Business Secretary Alok Sharma is creating five new business-focused groups to help Britain’s economy recover from the Covid-19 pandemic and create new job opportunities.
Beginning this week (8 June), the Business Secretary will chair the first meetings of new ‘recovery roundtables’ bringing together businesses, business representative groups and leading academics.
With the ambitious aim of creating “a cleaner, greener, more resilient economy” and a raft of new job opportunities, the working groups will consider measures to support economic recovery and ensure Britain has the right skills and opportunities in place over the coming 18 months.
They will also explore key domestic and global challenges to support a green and resilient recovery and ensure the country is at the forefront of new and emerging industries.

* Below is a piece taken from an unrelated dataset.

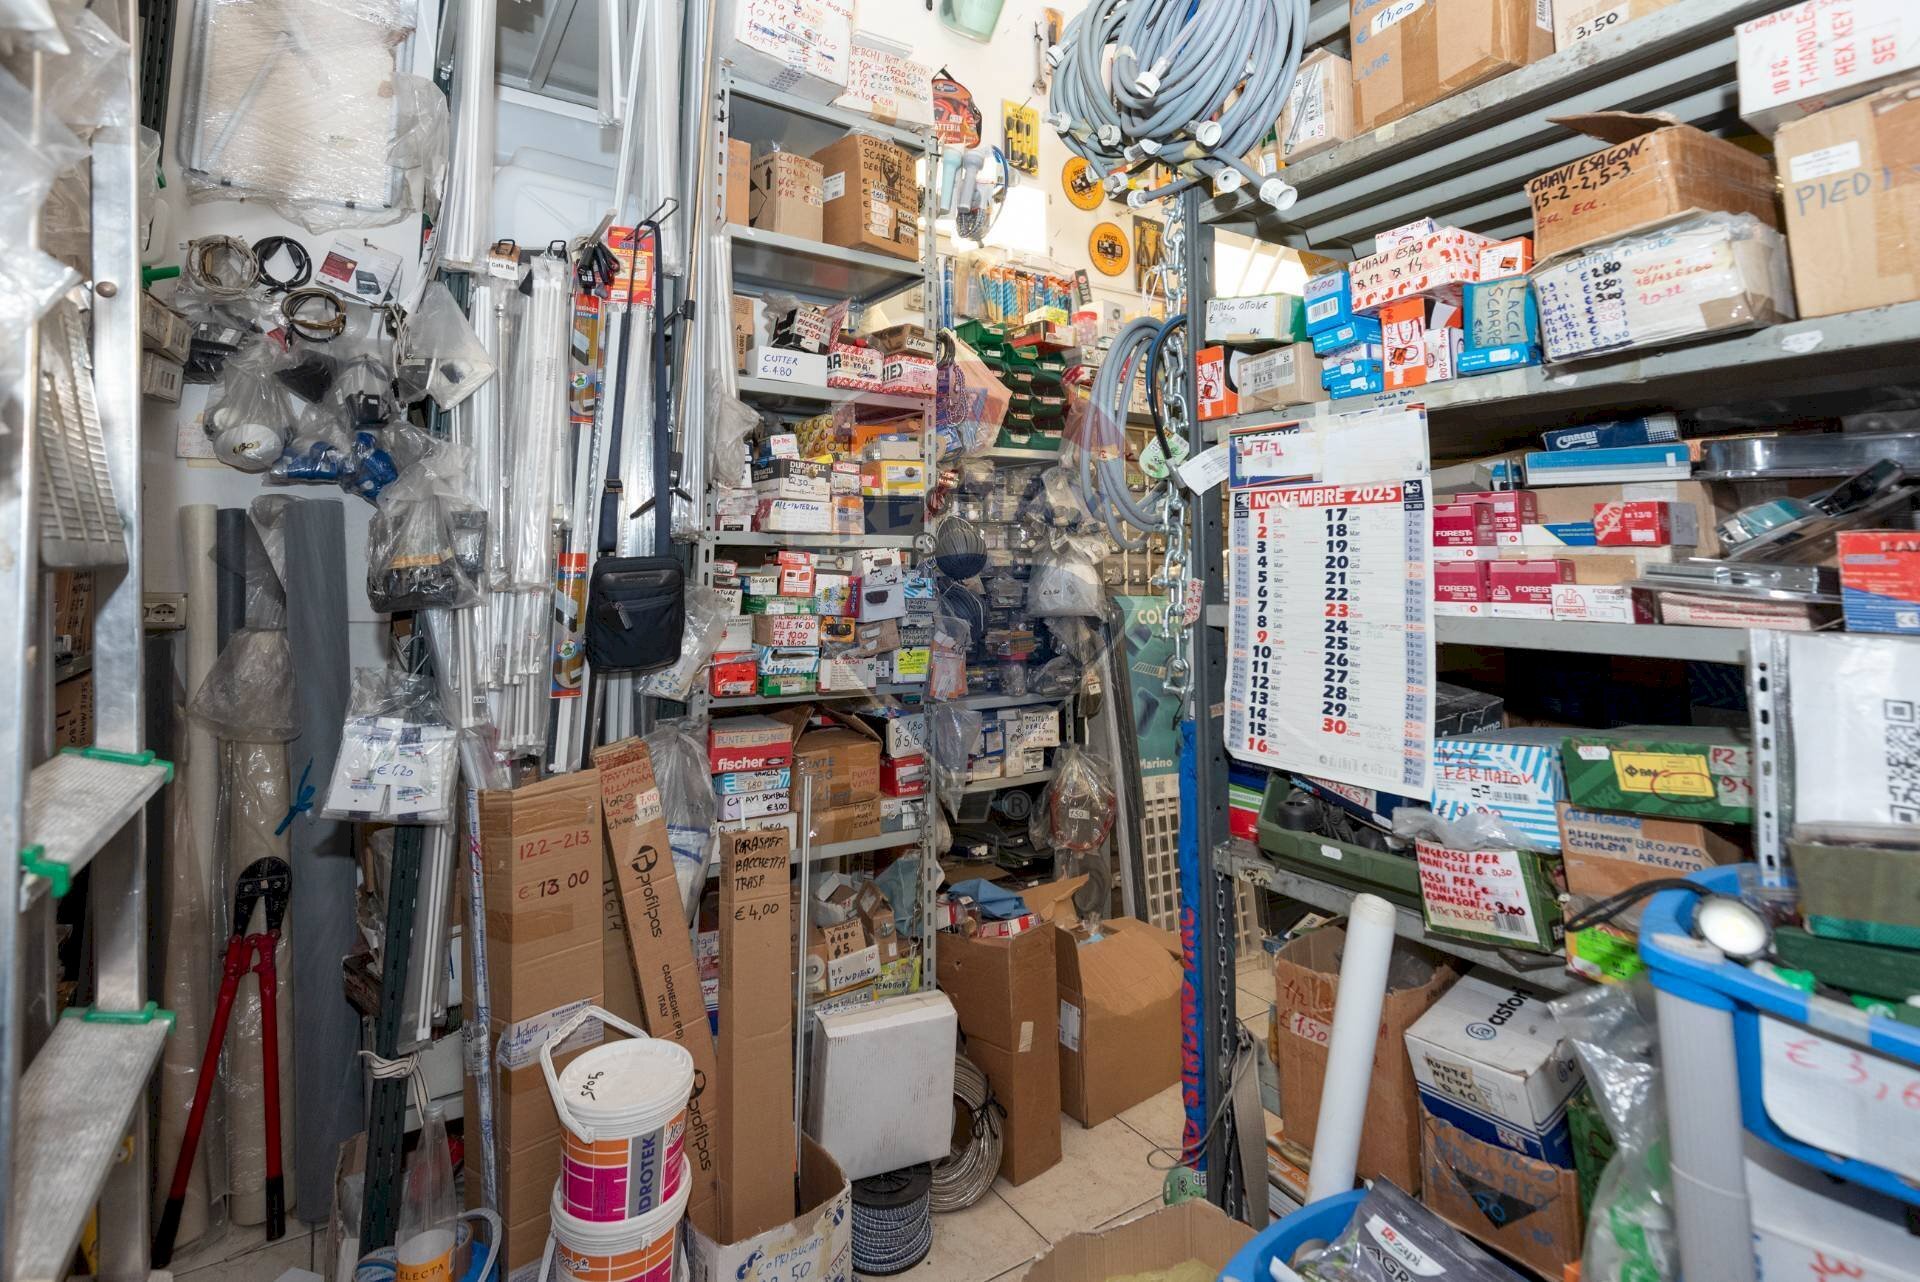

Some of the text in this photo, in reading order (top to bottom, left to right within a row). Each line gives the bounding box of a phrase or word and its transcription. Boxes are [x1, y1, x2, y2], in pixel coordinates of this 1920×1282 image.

Focused on five key themes, each group will explore how business can work with government to deliver economic growth and jobs:
- The Future of Industry: How to accelerate business innovation and leverage private sector investment in research and development
- Green Recovery: How to capture economic growth opportunities from the shift to net zero carbon emissions
- Backing new businesses: How to make the UK the best place in the world to start and scale a business
- Increasing opportunity: How to level up economic performance across the UK, including through skills and apprenticeships
- The UK open for business: How to win and retain more high value investment for the UK
This initiative looks to build on the close engagement between the UK’s business community, the Business Department and across Whitehall in the government’s response to the pandemic.
This includes five new ministerial-led taskforces to develop further plans for how and when closed sectors can safely reopen, following the publication of the Prime Minister’s roadmap out of lockdown.
Secretary of State for Business Alok Sharma commented: “The output from this initiative will feed directly into the government’s work on economic recovery and will help deliver the commitments we made to the British people only last December, which now take on an even greater sense of urgency and importance.”
The membership of the five working groups have yet to be published, with each group expected to consist of approximately 20- 25 participants and be representative of UK industry.